**Records**
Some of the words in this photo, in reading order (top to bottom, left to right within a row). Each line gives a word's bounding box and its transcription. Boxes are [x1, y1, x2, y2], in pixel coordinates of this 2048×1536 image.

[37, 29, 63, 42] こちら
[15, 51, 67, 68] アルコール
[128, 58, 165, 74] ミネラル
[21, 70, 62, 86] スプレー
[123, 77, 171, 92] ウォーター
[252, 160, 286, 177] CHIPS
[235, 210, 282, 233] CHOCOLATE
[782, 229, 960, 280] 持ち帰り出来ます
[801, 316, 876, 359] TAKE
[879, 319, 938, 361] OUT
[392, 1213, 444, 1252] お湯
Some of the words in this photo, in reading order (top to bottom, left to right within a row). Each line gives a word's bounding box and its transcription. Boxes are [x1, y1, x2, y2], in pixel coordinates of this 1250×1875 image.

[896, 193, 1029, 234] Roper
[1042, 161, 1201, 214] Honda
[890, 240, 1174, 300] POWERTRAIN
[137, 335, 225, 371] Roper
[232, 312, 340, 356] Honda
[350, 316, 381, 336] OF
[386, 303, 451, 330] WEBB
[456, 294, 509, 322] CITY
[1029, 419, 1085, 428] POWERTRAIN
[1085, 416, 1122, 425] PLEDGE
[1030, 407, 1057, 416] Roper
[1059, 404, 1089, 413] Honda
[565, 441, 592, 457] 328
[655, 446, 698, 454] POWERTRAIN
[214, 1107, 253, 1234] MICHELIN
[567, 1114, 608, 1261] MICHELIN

**Task**
Using the data above, output each line exactly.

**Answer to this task**
Some of the words in this photo, in reading order (top to bottom, left to right within a row). Each line gives a word's bounding box and its transcription. Boxes are [x1, y1, x2, y2], in pixel coordinates of this 2048×1536 image.

[37, 29, 63, 42] こちら
[15, 51, 67, 68] アルコール
[128, 58, 165, 74] ミネラル
[21, 70, 62, 86] スプレー
[123, 77, 171, 92] ウォーター
[252, 160, 286, 177] CHIPS
[235, 210, 282, 233] CHOCOLATE
[782, 229, 960, 280] 持ち帰り出来ます
[801, 316, 876, 359] TAKE
[879, 319, 938, 361] OUT
[392, 1213, 444, 1252] お湯
Some of the words in this photo, in reading order (top to bottom, left to right within a row). Each line gives a word's bounding box and its transcription. Boxes are [x1, y1, x2, y2], in pixel coordinates of this 1250×1875 image.

[896, 193, 1029, 234] Roper
[1042, 161, 1201, 214] Honda
[890, 240, 1174, 300] POWERTRAIN
[137, 335, 225, 371] Roper
[232, 312, 340, 356] Honda
[350, 316, 381, 336] OF
[386, 303, 451, 330] WEBB
[456, 294, 509, 322] CITY
[1029, 419, 1085, 428] POWERTRAIN
[1085, 416, 1122, 425] PLEDGE
[1030, 407, 1057, 416] Roper
[1059, 404, 1089, 413] Honda
[565, 441, 592, 457] 328
[655, 446, 698, 454] POWERTRAIN
[214, 1107, 253, 1234] MICHELIN
[567, 1114, 608, 1261] MICHELIN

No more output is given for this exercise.